Posts Tagged ‘violence’

Did the emergence of the state reduce the rate of human death from warfare? Steven Pinker’s outstanding book, The Better Angels of Our Nature: Why Violence Has Declined, surveys many reasons why you are less likely to die from violence today than your ancestors were. Part of his explanation is that warfare was constant in stateless, anarchic societies, but the emergence of the state, beginning about six thousand years ago, helped reduce this problem. He has nice things to say about Thomas Hobbes’ thesis in Leviathan, that a powerful government is necessary to rescue people from their natural state of constant warfare.
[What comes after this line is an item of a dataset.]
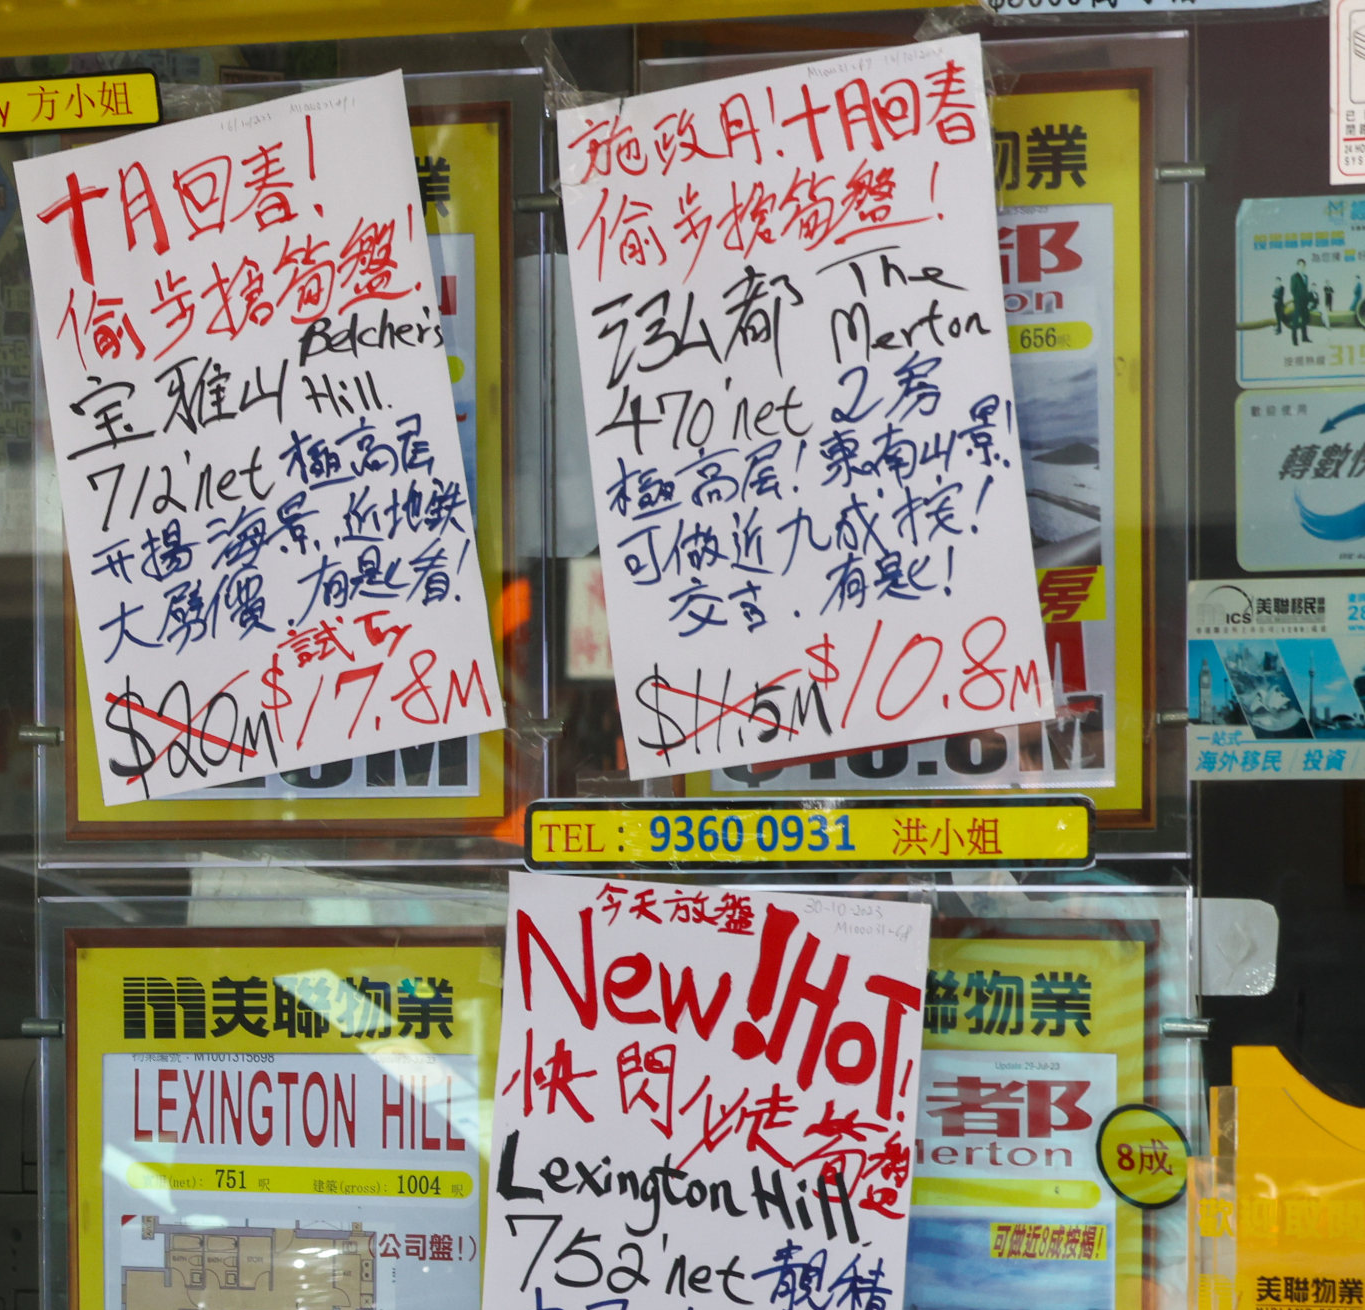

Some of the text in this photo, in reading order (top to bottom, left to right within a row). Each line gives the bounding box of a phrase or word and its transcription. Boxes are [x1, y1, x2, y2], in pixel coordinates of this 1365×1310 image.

In my most recent Learn Liberty blog post, I question this finding of Pinker’s. I argue that the evidence he presents for the claim does not suffice to prove it, because there are other factors that could explain declining rates of war death. Moreover, even if the state reduced war death somewhat, we can’t necessarily infer from that fact alone that the state increased human welfare. From the post:

[T]here is an important conceptual problem for the claim that the rise of the state improved human welfare by reducing violent deaths.

After all, early states arose almost exclusively out of conquest, as Pinker concedes. They started as roving bands of armed robbers, who eventually found that converting robbery into regularized taxation would destroy less wealth and generate more revenue over the long run. Autonomous peoples do not go into “subject” status willingly.

More at the link.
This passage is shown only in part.